Although the Small Business ATOL scheme lives on for now, from 1st June 2016, its eligibility has changed slightly so as to encompass a risk-based approach. The CAA have developed new ATOL financial criteria for Small Business ATOLs and standard ATOLs with licensable revenue under £20million. The financial assessment will look at a range of new financial criteria to measure the strength of a business’ financial resilience. Existing ATOL holders will be subject to the new assessment at their first renewal after this date. Those ATOL holders with an ATOL limit in excess of £20m will continue to be subject to a more in-depth risk based approach as well as monthly monitoring.

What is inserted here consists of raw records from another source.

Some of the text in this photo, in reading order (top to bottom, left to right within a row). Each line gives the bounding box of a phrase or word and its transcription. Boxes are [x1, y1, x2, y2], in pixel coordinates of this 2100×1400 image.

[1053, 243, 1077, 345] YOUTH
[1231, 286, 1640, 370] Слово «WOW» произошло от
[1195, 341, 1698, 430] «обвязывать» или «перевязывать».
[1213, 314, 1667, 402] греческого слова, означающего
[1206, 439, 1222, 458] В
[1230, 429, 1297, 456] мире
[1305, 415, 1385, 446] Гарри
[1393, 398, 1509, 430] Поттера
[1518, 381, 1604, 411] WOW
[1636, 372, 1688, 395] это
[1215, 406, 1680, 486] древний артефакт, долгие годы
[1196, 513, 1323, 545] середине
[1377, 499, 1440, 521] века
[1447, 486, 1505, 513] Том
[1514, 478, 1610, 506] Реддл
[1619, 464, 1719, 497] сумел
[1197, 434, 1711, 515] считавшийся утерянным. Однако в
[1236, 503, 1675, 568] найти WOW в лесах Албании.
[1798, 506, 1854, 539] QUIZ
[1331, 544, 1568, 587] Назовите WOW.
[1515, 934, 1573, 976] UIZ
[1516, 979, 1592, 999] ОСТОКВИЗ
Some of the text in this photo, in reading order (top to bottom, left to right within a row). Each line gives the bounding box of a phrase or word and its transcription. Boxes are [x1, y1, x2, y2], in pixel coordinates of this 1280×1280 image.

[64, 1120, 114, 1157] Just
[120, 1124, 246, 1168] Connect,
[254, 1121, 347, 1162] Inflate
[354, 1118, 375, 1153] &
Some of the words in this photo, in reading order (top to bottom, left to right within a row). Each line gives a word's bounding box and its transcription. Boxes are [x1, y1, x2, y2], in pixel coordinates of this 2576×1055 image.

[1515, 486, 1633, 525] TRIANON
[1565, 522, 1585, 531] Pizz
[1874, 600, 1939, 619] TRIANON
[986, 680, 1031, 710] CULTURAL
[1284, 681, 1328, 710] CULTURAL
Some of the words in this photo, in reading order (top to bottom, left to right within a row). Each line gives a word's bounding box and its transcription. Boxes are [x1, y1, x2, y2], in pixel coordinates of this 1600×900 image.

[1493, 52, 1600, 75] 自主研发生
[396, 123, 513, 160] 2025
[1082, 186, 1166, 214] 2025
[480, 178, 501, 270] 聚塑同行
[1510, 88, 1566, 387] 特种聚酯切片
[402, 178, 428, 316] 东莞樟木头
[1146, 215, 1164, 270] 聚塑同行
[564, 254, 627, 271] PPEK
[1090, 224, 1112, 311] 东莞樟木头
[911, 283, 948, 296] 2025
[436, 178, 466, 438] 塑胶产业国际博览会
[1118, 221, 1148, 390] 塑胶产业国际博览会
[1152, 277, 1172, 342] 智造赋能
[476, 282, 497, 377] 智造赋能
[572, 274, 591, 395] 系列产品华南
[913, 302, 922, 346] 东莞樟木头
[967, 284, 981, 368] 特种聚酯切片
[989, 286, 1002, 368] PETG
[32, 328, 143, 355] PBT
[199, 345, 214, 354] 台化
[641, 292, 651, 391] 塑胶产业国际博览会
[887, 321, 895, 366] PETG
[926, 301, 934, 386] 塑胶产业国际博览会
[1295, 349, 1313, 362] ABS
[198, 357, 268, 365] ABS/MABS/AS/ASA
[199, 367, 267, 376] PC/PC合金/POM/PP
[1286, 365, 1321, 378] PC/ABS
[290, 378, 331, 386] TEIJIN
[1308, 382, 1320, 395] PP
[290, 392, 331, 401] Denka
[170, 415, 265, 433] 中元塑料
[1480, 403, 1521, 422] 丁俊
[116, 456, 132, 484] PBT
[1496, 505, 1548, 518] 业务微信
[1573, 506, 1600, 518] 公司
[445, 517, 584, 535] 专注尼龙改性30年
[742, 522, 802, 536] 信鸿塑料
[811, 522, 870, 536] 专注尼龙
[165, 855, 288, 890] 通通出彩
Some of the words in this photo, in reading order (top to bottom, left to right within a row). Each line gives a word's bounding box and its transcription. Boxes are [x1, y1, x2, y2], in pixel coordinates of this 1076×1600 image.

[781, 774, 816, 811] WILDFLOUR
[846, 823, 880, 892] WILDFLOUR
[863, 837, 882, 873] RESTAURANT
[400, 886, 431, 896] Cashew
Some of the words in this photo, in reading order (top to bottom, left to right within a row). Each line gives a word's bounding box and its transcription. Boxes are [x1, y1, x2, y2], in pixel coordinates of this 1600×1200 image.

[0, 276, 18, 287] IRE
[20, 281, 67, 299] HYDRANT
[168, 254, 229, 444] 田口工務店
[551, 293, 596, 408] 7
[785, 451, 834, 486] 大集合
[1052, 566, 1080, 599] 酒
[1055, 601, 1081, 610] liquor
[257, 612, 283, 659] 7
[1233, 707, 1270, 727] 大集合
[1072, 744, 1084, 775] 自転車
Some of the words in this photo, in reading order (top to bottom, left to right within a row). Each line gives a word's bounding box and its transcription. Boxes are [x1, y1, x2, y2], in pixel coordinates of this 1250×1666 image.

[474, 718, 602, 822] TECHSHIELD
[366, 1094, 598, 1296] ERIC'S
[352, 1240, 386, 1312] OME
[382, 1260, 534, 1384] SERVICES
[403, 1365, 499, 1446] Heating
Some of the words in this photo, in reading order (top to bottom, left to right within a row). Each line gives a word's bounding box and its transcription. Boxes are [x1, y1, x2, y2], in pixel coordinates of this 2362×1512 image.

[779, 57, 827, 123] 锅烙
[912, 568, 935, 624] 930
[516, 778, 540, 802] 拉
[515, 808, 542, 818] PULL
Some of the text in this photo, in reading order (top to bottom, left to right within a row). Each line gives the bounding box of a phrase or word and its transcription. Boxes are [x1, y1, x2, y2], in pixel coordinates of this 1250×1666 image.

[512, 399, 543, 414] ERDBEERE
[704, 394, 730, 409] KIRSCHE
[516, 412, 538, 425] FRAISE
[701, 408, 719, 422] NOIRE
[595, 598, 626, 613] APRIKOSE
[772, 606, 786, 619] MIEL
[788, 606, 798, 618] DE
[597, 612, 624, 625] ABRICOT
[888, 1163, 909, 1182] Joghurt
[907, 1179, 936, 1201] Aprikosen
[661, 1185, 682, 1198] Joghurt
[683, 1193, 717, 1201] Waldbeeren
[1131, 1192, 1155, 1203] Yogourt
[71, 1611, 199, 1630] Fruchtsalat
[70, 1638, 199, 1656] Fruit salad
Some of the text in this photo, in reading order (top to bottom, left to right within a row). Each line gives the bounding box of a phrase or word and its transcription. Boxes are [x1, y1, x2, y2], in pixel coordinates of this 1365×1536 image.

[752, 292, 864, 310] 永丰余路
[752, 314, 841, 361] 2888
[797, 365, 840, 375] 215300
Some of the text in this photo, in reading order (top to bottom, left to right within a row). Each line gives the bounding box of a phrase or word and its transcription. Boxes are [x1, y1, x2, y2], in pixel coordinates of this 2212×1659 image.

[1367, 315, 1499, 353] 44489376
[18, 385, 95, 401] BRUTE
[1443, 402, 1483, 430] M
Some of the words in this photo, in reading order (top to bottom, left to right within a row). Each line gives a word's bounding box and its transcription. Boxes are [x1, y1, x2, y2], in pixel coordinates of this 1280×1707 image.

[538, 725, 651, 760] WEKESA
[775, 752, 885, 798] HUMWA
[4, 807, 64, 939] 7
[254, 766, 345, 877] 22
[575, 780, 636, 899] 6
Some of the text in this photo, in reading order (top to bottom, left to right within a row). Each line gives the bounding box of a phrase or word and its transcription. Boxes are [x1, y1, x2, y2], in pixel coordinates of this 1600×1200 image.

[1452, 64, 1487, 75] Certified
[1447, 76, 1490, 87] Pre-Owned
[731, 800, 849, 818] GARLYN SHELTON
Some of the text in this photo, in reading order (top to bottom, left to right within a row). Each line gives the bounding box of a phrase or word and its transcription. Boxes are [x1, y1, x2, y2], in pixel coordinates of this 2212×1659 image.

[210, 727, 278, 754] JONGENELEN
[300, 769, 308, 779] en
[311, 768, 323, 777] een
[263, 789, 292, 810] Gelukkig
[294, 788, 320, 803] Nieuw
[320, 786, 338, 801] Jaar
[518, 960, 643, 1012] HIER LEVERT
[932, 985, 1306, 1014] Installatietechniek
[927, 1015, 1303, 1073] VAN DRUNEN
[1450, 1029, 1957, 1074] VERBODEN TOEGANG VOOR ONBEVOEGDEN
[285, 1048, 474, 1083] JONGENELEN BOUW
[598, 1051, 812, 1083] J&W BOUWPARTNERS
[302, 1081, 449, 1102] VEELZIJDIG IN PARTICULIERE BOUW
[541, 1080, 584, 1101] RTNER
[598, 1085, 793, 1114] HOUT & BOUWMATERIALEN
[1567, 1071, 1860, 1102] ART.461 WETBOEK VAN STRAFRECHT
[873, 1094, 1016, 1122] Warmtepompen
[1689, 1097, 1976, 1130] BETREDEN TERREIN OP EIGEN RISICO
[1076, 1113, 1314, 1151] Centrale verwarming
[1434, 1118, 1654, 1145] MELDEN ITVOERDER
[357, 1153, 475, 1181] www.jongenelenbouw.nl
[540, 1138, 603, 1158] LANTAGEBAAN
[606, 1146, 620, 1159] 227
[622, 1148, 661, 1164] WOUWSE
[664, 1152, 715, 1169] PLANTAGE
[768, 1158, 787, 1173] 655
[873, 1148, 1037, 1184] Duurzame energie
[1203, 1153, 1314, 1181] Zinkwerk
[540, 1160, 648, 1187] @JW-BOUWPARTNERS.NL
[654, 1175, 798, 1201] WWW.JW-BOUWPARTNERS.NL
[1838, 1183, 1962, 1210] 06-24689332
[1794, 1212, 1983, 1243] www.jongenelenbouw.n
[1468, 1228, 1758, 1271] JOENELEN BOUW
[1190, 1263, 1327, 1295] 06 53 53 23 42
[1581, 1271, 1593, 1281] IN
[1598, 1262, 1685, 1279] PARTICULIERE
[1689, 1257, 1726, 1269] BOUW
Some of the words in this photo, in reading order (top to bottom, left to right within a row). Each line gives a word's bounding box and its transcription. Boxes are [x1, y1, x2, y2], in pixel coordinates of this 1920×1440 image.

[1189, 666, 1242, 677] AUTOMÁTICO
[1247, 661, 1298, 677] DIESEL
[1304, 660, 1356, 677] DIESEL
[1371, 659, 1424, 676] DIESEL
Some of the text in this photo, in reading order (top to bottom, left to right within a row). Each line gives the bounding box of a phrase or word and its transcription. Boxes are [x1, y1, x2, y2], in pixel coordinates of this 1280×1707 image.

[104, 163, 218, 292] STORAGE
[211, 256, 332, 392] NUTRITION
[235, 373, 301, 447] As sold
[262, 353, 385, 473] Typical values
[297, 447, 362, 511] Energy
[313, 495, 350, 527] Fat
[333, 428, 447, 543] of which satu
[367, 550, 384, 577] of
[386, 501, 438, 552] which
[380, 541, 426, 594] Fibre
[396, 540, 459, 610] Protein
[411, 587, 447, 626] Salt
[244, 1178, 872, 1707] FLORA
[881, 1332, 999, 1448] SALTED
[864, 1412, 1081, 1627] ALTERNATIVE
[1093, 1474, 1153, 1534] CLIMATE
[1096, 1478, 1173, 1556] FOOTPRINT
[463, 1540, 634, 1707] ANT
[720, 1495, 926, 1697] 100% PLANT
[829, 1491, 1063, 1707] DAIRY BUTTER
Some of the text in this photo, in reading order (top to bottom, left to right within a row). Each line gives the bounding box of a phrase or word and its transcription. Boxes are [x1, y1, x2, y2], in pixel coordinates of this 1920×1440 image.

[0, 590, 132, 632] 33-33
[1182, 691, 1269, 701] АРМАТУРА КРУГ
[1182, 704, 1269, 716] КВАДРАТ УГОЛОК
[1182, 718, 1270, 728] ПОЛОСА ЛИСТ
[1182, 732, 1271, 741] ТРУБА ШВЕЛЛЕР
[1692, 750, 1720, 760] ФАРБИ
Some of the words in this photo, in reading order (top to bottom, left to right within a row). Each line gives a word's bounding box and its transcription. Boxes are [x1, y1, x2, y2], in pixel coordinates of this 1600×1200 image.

Ratio How is this calculated SBA Standard
Current ratio Current assets/current liabilities Yes Yes
Cash ratio Cash / current liabilities Yes Yes
Leverage ratio Total liabilities/total assets Yes Yes
Return on assets ratio Net profit/total assets Yes Yes
EBITDA margin ratio EBITDA /revenue No Yes
Revenue growth ratio Revenue/Prior year revenue No Yes
Revenue variance ratio Revenue/Projected revenue No Yes
The new levels will not apply to existing ATOL holders who are in their first four years of holding a licence, unless they fall within the exceptions outlined in the CAA’s published bonding policy.
Financial assessment will be based on projected financial statements, which will be calibrated and sensitised to ensure that they are reasonable for the business.